● **EXERCISE DESCRIPTION**:
Although the data below contains pictures, please reproduce only its words, exactly.

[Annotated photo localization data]

>>

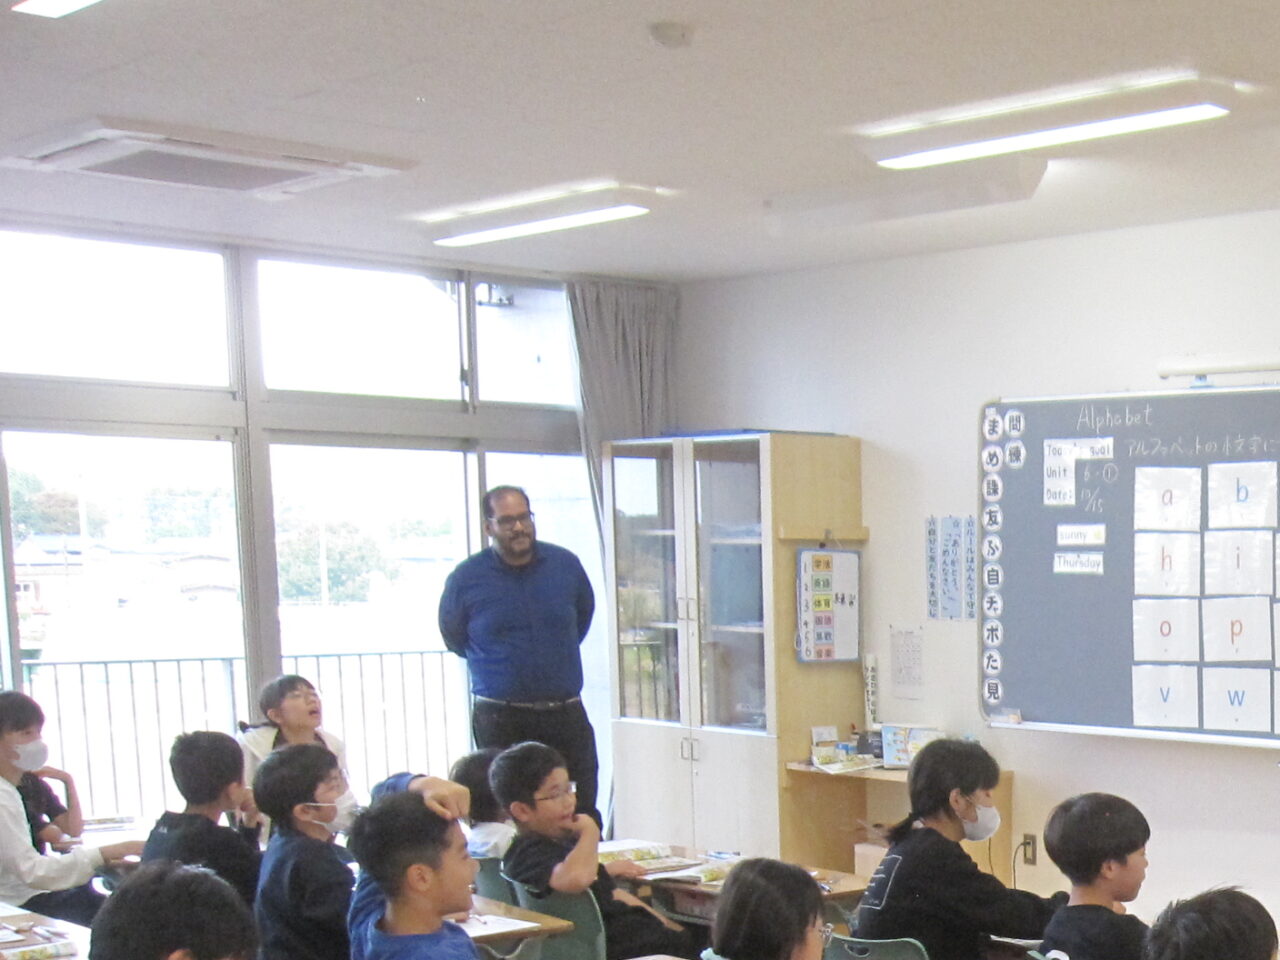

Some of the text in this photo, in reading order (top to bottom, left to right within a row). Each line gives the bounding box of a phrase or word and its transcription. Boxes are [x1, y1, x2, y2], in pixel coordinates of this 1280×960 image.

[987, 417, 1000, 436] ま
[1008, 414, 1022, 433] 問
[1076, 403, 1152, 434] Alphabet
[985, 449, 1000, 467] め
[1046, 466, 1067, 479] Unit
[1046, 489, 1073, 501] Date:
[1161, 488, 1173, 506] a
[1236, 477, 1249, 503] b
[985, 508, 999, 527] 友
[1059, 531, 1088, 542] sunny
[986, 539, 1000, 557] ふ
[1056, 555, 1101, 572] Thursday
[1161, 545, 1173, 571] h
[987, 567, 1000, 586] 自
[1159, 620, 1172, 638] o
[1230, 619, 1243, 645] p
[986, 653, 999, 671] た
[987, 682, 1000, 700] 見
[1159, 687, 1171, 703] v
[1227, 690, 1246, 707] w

<<

● **EXPECTED OUTPUT**:
Some of the text in this photo, in reading order (top to bottom, left to right within a row). Each line gives the bounding box of a phrase or word and its transcription. Boxes are [x1, y1, x2, y2], in pixel coordinates of this 1280×960 image.

[987, 417, 1000, 436] ま
[1008, 414, 1022, 433] 問
[1076, 403, 1152, 434] Alphabet
[985, 449, 1000, 467] め
[1046, 466, 1067, 479] Unit
[1046, 489, 1073, 501] Date:
[1161, 488, 1173, 506] a
[1236, 477, 1249, 503] b
[985, 508, 999, 527] 友
[1059, 531, 1088, 542] sunny
[986, 539, 1000, 557] ふ
[1056, 555, 1101, 572] Thursday
[1161, 545, 1173, 571] h
[987, 567, 1000, 586] 自
[1159, 620, 1172, 638] o
[1230, 619, 1243, 645] p
[986, 653, 999, 671] た
[987, 682, 1000, 700] 見
[1159, 687, 1171, 703] v
[1227, 690, 1246, 707] w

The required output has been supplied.